Issuing a progress report on schools’ use of the top-up funding, which is paid to schools for each of their pupils eligible for free school meals, the education watchdog said school leaders were generally spending the pupil premium effectively.

However, in a significant minority of schools, weak leadership and governance stood in the way of attempts to narrow the attainment gap.

There is also wide variation between local authority areas. Ofsted noted that in many London boroughs, the proportion of free school meal children achieving five good GCSEs was well above average. However in other parts of the country, such as Barnsley, Portsmouth, South Gloucestershire and Northumberland, eligible children were least likely to achieve this benchmark.

The most common uses of the pupil premium were to pay for: additional staff; booster classes; reading support; aspiration-raising programmes; and learning mentors. Many schools also use the premium to provide after-school, weekend and holiday classes and spending tends to be focused on English and maths.

Ofsted head Sir Michael Wilshaw said: ‘One of the greatest challenges this country faces is closing the unacceptable gap that remains between poorer children and their better-off classmates when it comes to educational outcomes.
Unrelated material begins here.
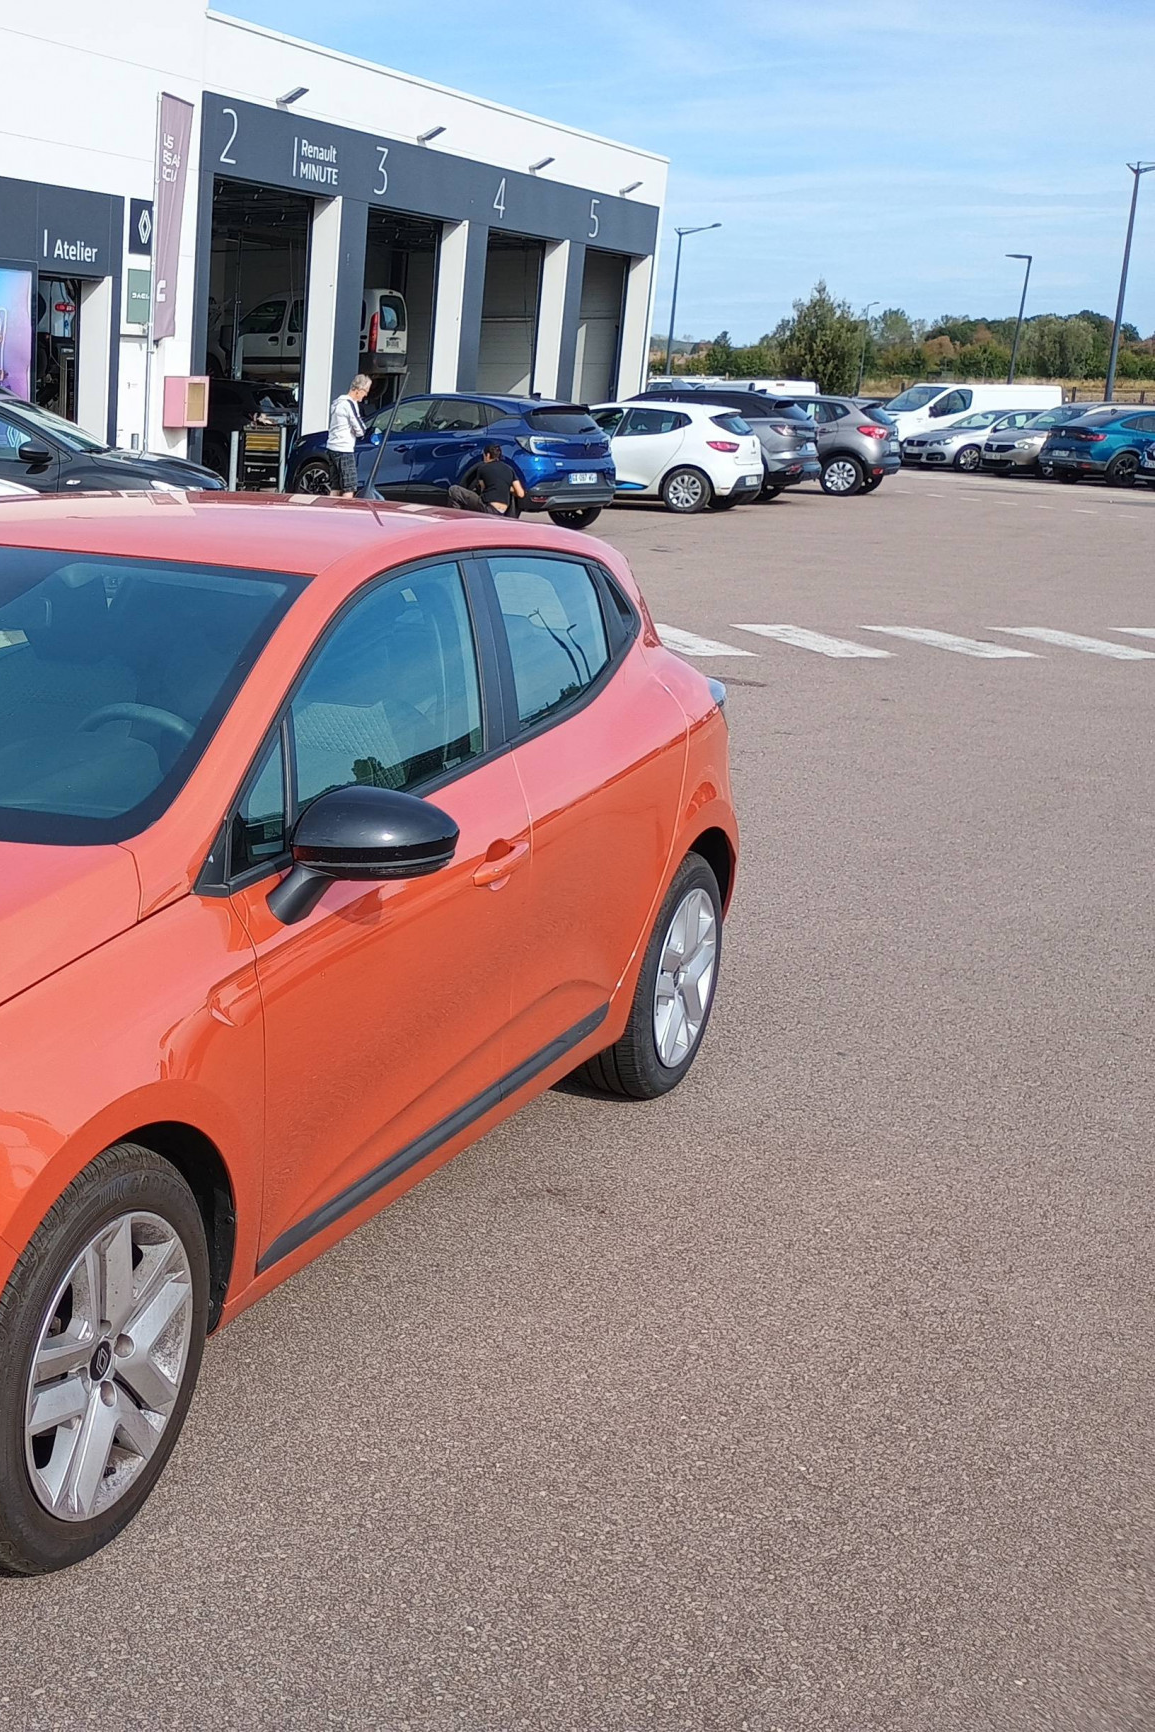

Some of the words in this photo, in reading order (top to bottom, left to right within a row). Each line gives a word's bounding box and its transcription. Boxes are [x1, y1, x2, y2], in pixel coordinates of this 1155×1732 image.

‘As chief inspector, I am passionate about improving the prospects of our least advantaged children so I am encouraged by the clear signs in today’s report that more effective spending and monitoring of the pupil premium is starting to make a positive difference in many schools.’

Wilshaw noted that Ofsted itself was encouraging proper use of the pupil premium funds by making it clear to head teachers that schools will not receive a positive rating from the inspectorate unless the can demonstrate they are focusing on improving outcomes for their poorest pupils.

A number of previously outstanding schools had been downgraded after Ofsted inspectors judged their pupil premium money was not being spent efficiently or the progress of poorer children was lagging behind, the watchdog noted.